• _Data for the task_

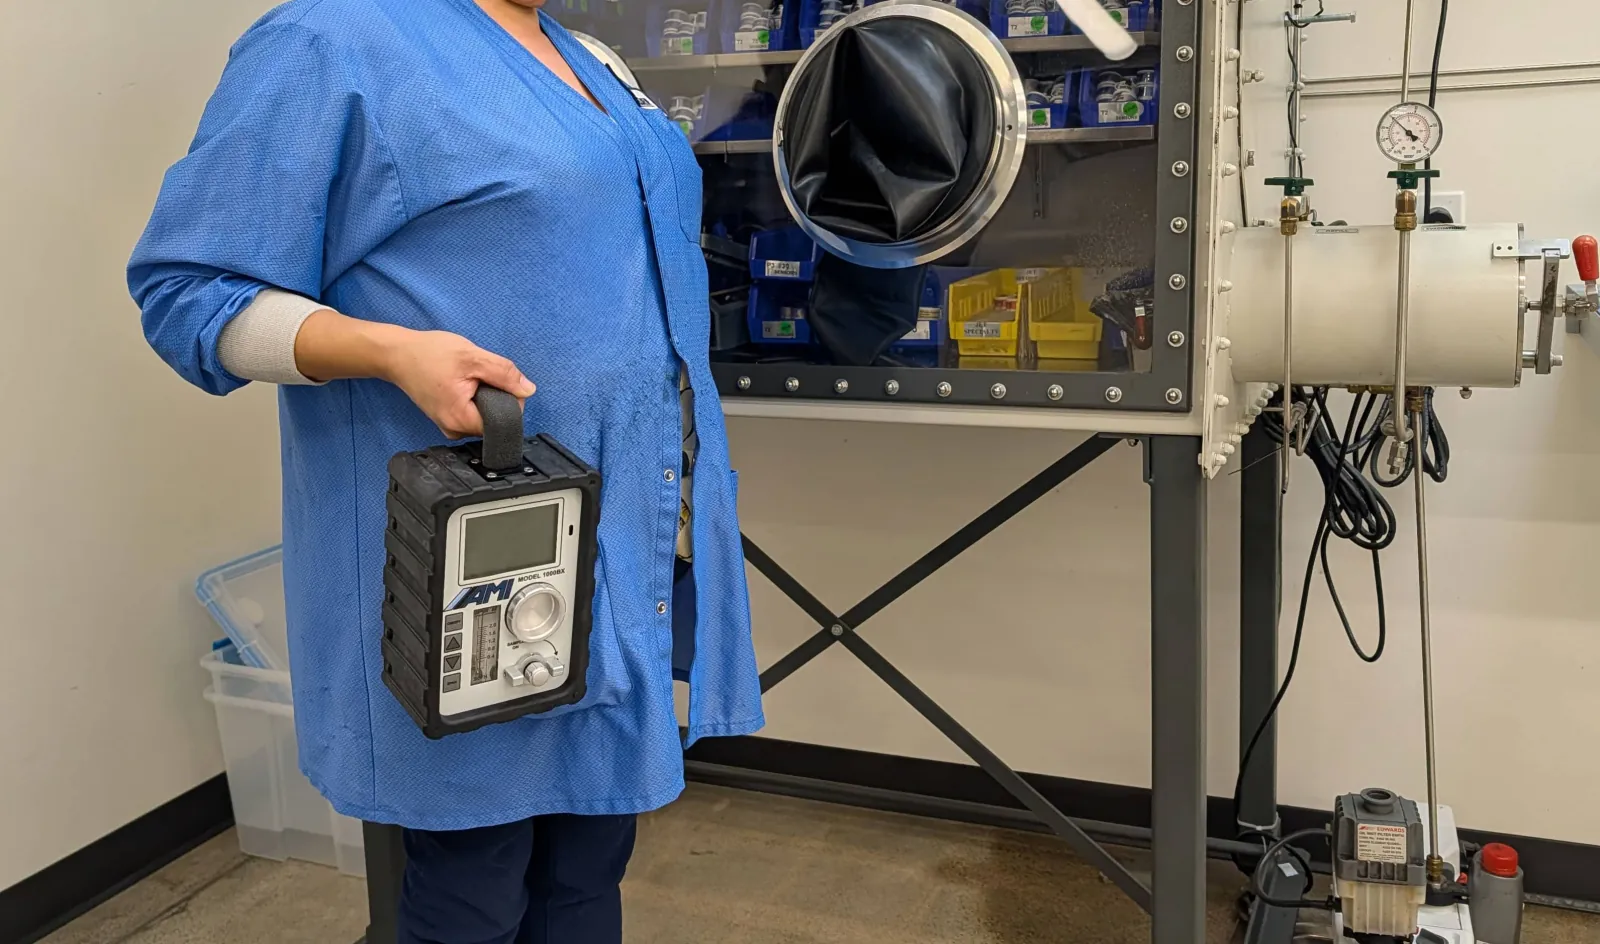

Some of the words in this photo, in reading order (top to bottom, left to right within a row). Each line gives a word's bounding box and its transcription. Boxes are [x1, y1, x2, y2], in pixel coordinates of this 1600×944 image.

[518, 573, 541, 583] MODEL
[543, 568, 565, 577] 1000BX
[452, 578, 515, 610] AMI
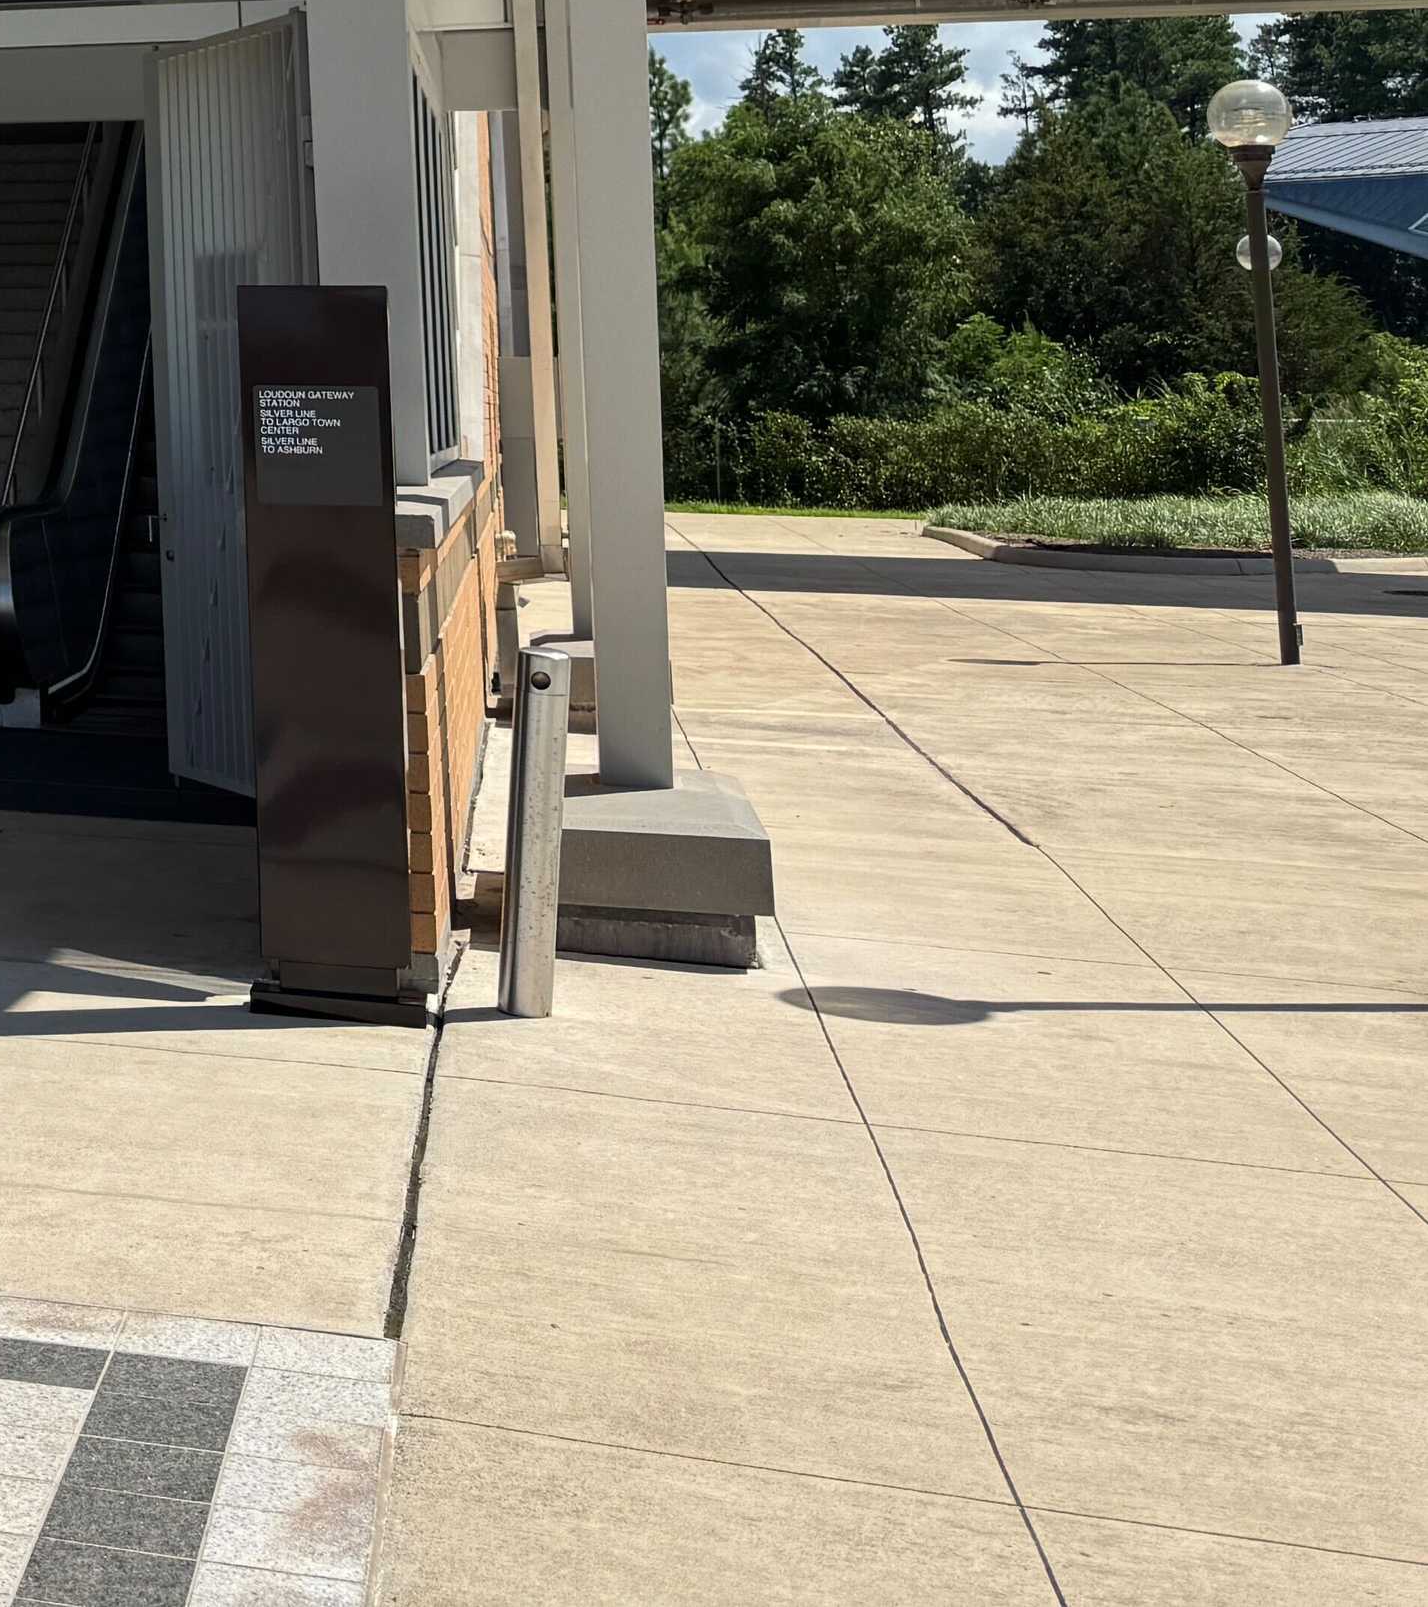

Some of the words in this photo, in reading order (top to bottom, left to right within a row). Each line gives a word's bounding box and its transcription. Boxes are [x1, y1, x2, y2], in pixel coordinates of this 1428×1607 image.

[258, 390, 306, 399] LOUDOUN
[307, 391, 354, 400] GATEWAY
[259, 399, 300, 407] STATION
[260, 409, 293, 418] SILVER
[295, 410, 317, 418] LINE
[261, 418, 274, 426] TO
[276, 418, 310, 426] LARGO
[312, 418, 341, 427] TOWN
[260, 426, 299, 435] CENTER
[261, 437, 294, 445] SILVER
[296, 437, 318, 446] LINE
[262, 445, 275, 454] TO
[277, 446, 323, 454] ASHBURN
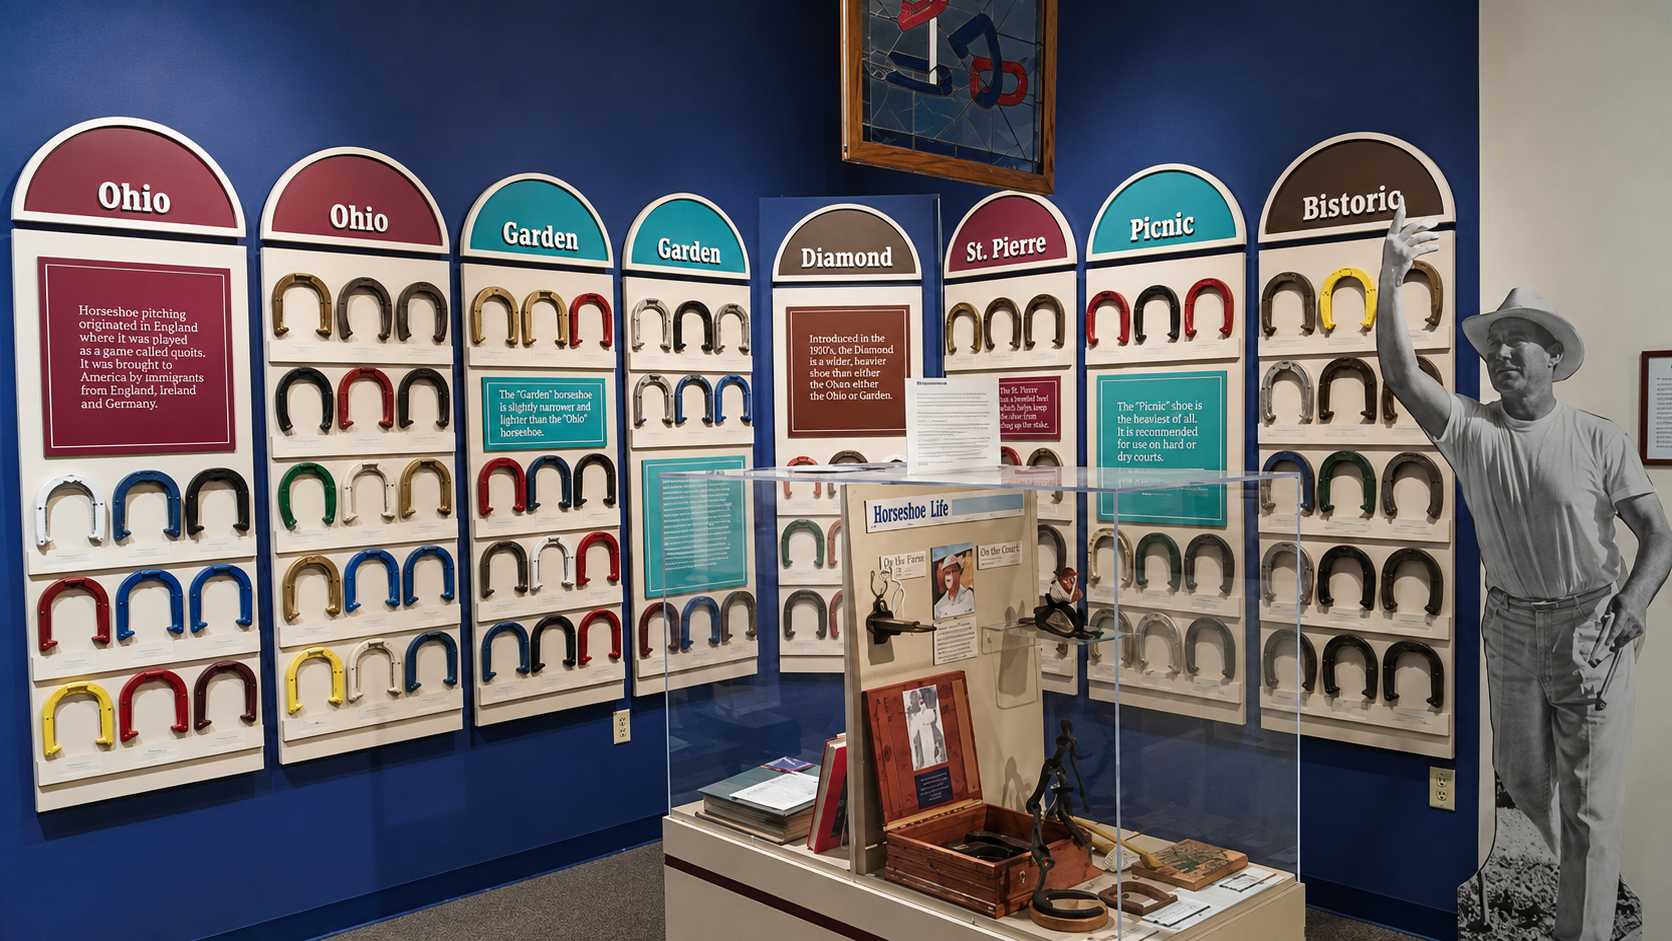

• _Directions_
Set down word for word every line from the line containing "this 1428×1607 image." through the last line of the entries, and nothing more; no pictures.

• _Exercise output_
Some of the words in this photo, in reading order (top to bottom, left to right within a row). Each line gives a word's bounding box and its transcription. Boxes are [x1, y1, x2, y2], in pixel coordinates of this 1428×1607 image.

[258, 390, 306, 399] LOUDOUN
[307, 391, 354, 400] GATEWAY
[259, 399, 300, 407] STATION
[260, 409, 293, 418] SILVER
[295, 410, 317, 418] LINE
[261, 418, 274, 426] TO
[276, 418, 310, 426] LARGO
[312, 418, 341, 427] TOWN
[260, 426, 299, 435] CENTER
[261, 437, 294, 445] SILVER
[296, 437, 318, 446] LINE
[262, 445, 275, 454] TO
[277, 446, 323, 454] ASHBURN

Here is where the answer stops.